Yüzünde gözlüğü yokken daha küçük gözüken gözleri kapalıydı. Kahverengi ve yoğun kirpikleri gözlerinde bir karaltı oluşmasına neden oluyordu. Gözkapağının üzerindeki kılcal damarlar solmuş teni üzerinde belirginleşmişti. Bir gagayı andıran bir şekilde yüzünde çıkıntı yapan maskenin altındaki dudakları çatlaklarla dolu ve bembeyazdı. Kahverengi, dalgaları sönmüş saçları basit birer ipmiş gibi kafasının tepesinde toplanmış ve cerrahi bonenin altında kaybolmuştu.

Ölüm onun kollarına bakamadı.

Zayıf kalp atışlarını gösteren, nefes almasını sağlayan, beslenmesini sağlayan cihazlar vardı. Başında uyanması için dil döken kimse yoktu.

Odanın içinde, ayakta duran diğer beden hareketlendiğinde Ölüm onun hareketlerini dikkatle takip etti. Biraz sonra kapı açıldı ve doktorun bedeni kapının aralığından sessizce süzüldü. Ellerindeki eldivenler ve ağzını kapatan maske çıkmıştı. Şimdi yüzünde bembeyaz bir maske vardı.

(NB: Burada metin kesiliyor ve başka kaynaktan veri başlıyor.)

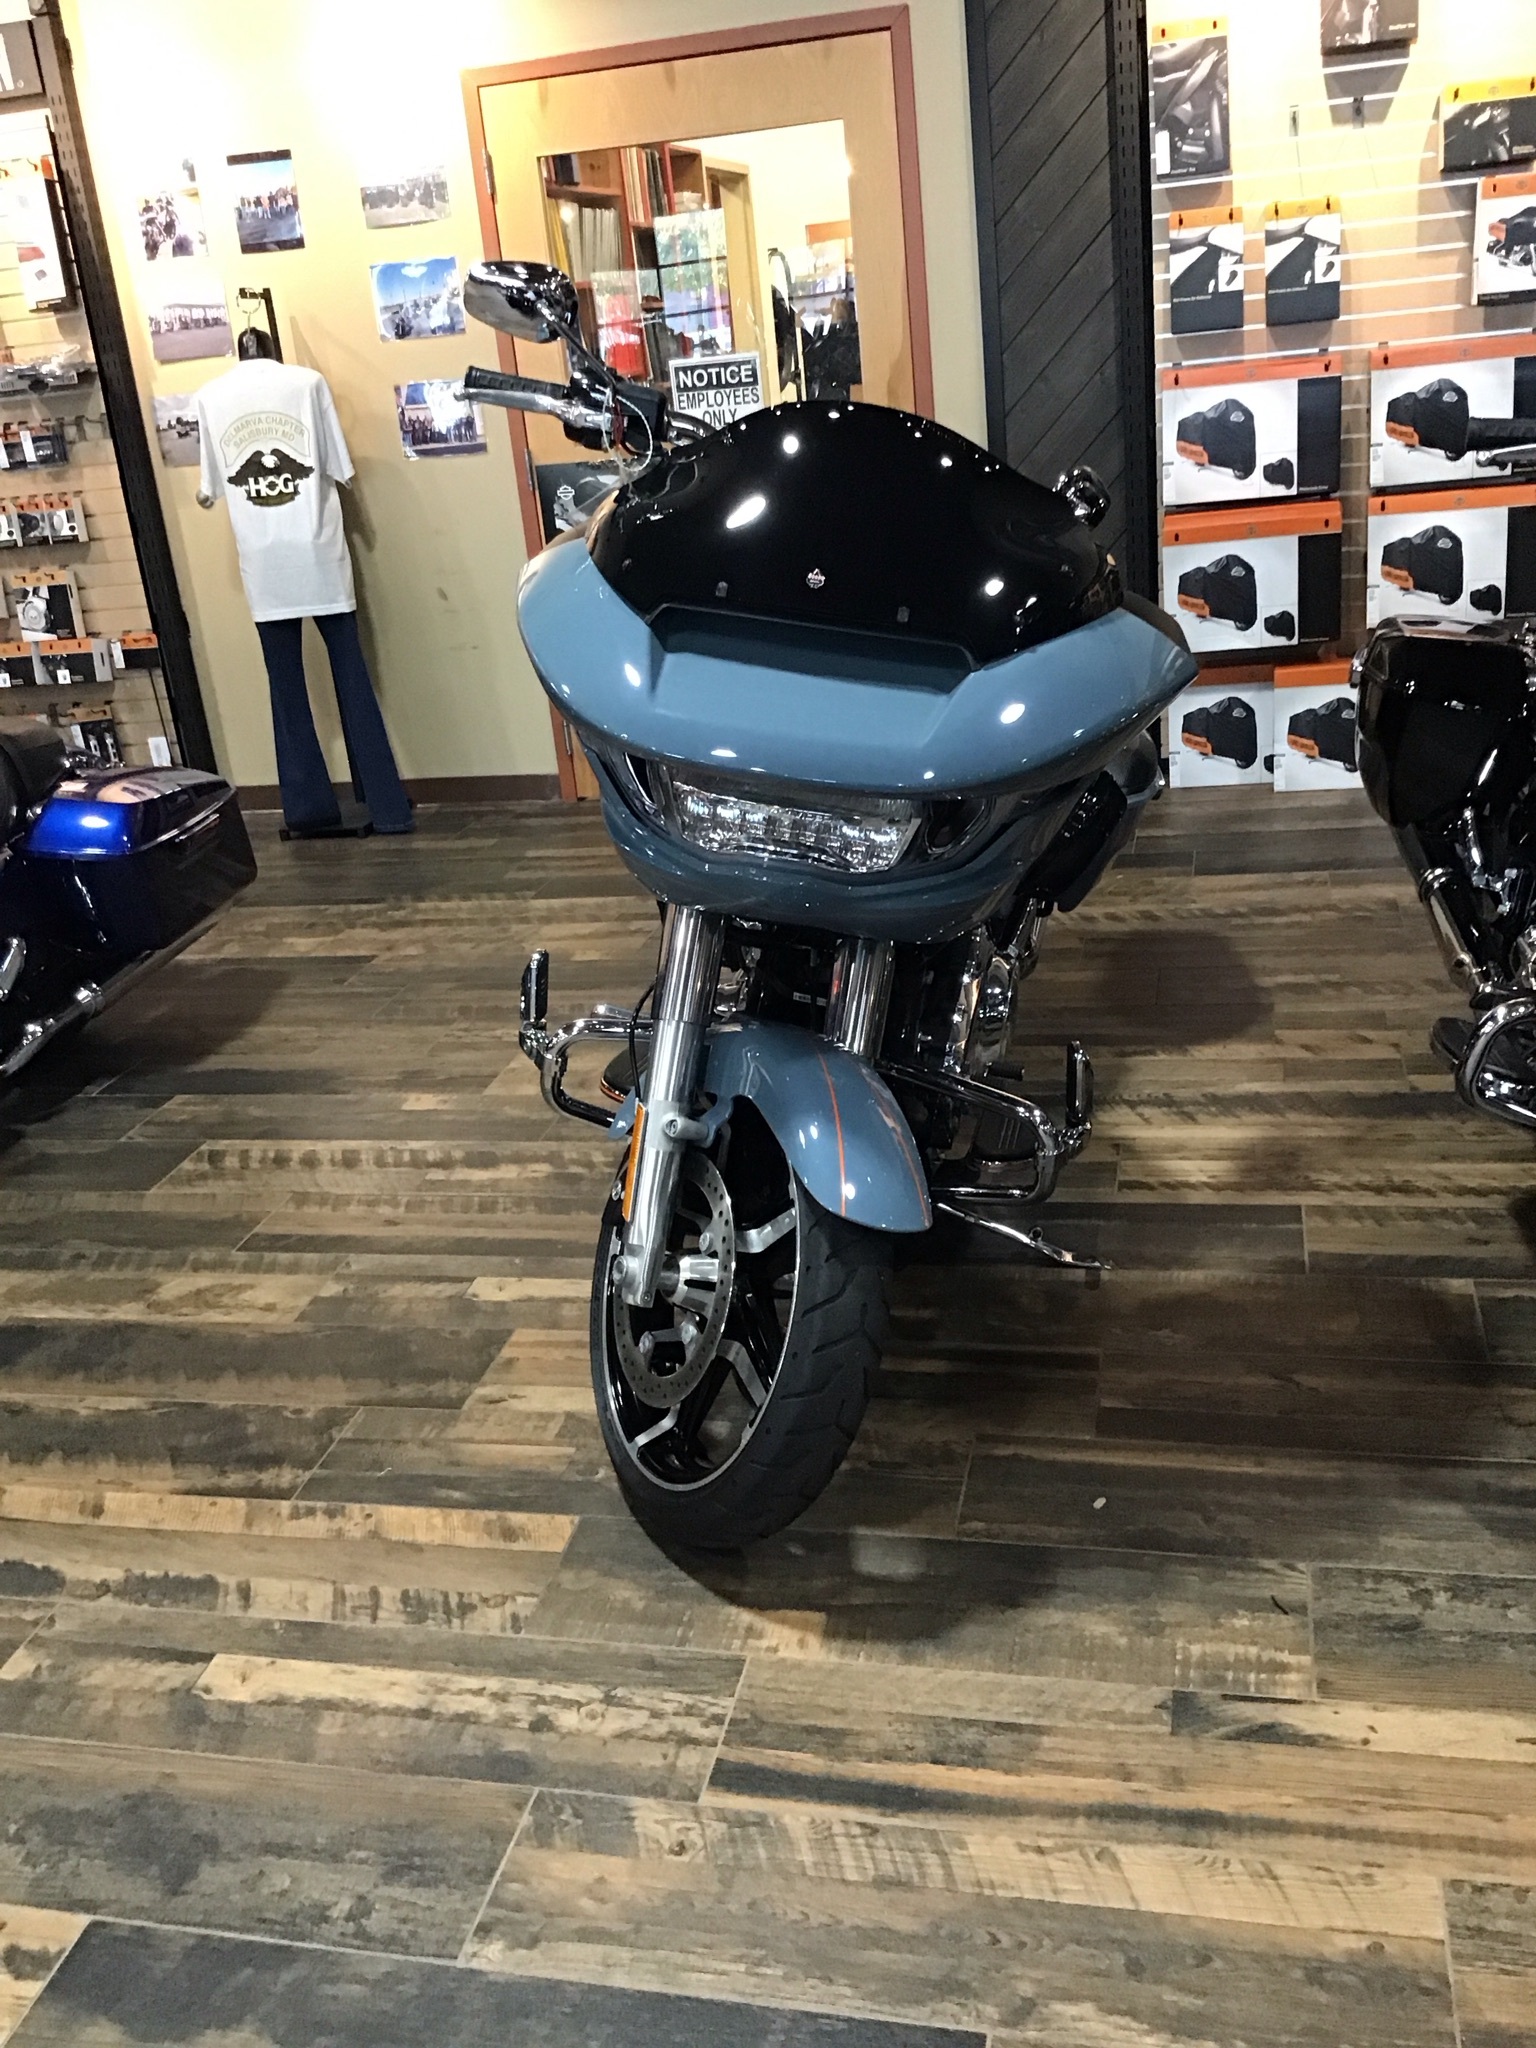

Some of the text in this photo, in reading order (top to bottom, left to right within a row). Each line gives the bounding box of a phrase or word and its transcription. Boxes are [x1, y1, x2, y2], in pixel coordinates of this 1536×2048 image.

[678, 364, 754, 389] NOTICE
[677, 387, 760, 410] EMPLOYEES
[702, 408, 737, 427] ONLY
[223, 415, 306, 448] DELMARVA CHAPTER
[233, 426, 295, 449] SALISBURY MD
[248, 473, 295, 498] HOG

Ölüm ayağa kalktığında gözleri hafifçe karardı. Gözlerini yumup birkaç derin nefes aldıktan sonra gözlerini tekrar araladı ve karşısındaki kadına baktı.

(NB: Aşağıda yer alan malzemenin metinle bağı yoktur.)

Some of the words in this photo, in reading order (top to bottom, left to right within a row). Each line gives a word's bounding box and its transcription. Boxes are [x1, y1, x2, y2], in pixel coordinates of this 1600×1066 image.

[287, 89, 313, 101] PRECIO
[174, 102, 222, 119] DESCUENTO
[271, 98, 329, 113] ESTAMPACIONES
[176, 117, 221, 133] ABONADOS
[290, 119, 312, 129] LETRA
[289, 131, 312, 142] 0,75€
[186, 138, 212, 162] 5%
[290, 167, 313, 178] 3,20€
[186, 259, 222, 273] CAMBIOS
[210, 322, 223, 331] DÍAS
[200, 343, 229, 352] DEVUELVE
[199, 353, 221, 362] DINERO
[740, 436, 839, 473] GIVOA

Doktor kısa boylu ve kiloluydu. Maskenin altından belli belirsiz gözüken gözlerinde acıyı hissetmiş birinin sahip olabileceği türden derin bir bakış vardı. Senem Alaca. Ölüm, onu bulmadan önce organ nakline ihtiyacı olan insanlar için organ kaçakçılığı yapan bir çetenin içindeydi. Kendi doğruları için yanlış şeyler yapmayı göze alan biriydi.

Bu yüzden Ölüm'ün eline düştüğünde bile soğukkanlı davranmıştı.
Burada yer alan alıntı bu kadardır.